Earl Hamner Jr., the versatile and prolific writer who drew upon his Depression-era upbringing in the Blue Ridge Mountains of Virginia to create one of television’s most beloved family shows, “The Waltons,” has died. He was 92.
Hamner died in Los Angeles and had recently been battling pneumonia, said Ray Castro Jr., a friend of Hamner’s who produced a documentary, “Earl Hamner Storyteller,” about the writer. Castro said he learned about Hamner’s death from the writer’s daughter, Caroline. A Facebook post by Hamner’s son, Scott, stated his father died surrounded by family at Cedars Sinai Hospital while John Denver’s “Rocky Mountain High” was playing.
Although best remembered for “The Waltons,” which aired for nine seasons and won more than a dozen Emmys, that show barely scratched the surface of Hamner’s literary accomplishments.

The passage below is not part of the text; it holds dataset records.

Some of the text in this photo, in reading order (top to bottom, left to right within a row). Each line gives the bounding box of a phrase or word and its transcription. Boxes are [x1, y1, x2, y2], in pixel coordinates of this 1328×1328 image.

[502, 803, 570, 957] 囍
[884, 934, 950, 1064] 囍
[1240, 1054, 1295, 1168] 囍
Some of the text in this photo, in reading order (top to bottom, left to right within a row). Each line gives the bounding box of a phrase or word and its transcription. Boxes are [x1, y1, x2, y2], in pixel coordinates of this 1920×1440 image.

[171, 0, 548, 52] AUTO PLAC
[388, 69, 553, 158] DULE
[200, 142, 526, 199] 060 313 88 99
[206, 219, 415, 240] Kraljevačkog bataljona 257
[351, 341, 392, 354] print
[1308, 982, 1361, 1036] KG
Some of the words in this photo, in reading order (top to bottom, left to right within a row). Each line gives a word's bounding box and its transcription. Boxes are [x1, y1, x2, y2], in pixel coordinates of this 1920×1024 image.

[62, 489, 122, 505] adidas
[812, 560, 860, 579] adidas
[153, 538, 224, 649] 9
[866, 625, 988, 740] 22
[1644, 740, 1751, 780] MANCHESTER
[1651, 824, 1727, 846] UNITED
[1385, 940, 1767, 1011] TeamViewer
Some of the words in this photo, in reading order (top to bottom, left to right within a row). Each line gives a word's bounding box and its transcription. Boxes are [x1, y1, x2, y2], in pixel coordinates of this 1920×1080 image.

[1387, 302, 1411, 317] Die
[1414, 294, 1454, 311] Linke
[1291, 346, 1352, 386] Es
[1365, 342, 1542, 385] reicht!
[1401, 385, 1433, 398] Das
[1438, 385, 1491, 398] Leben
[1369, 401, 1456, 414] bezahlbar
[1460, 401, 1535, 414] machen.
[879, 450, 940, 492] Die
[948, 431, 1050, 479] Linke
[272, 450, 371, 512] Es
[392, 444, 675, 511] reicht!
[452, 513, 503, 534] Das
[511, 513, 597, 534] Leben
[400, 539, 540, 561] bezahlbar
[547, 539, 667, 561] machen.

He was a best-selling novelist (“Spencer’s Mountain”), the author of eight episodes of the classic 1960s TV show “The Twilight Zone” and, as a screenwriter, adapted the popular children’s tale “Charlotte’s Web,” into a hit 2006 film. He also created the popular, long-running TV drama “Falcon Crest” and wrote for such other TV shows as “Wagon Train,” ”Gentle Ben” and “The Wild Thornberrys.”
Castro said Hamner remained busy in recent years, and had recently sold a play.
“He was a great Southern gentleman, a great friend, a great father,” Castro said. “He was my mentor. America has truly lost a great icon.”
RIP, Earl Hamner, Jr.
When I was in high school, I worked in the business office of the University of Virginia Hospital in Charlottesville. A young man named Jim Hamner worked in the adjoining office. He was probably 10 years plus older than I.
Jim Hamner was so proud of his older brother, Earl Hamner Jr. who had just achieved national acclaim for his best seller, Spencer’s Mountain. A movie had also been made of the book..
I lost touch with Jim as I moved on through life. However, I stumbled upon his obituary about 12 years ago. Jim had been the character model for Jim-Bob of the Waltons. He had remained in the area and had been quite active in overseeing the local Walton’s historian project in Schuyler.
I remembered Jim fondly and had spent a lot of time watching The Waltons. I felt like I knew the family through him. About 5 years ago I took keyboard in hand and wrote an email to Earl Hamner, Jr. telling him I had known his brother and what a nice man he had been. Earl wrote me back and we had a couple of very chatty home boy and girl exchanges.
Earl Hamner was a very gifted and talented writer. I feel a big hole in my heart today learning of his death. I might just have to drive down to Schuyler very soon and have my own little personal good bye with such a talented man.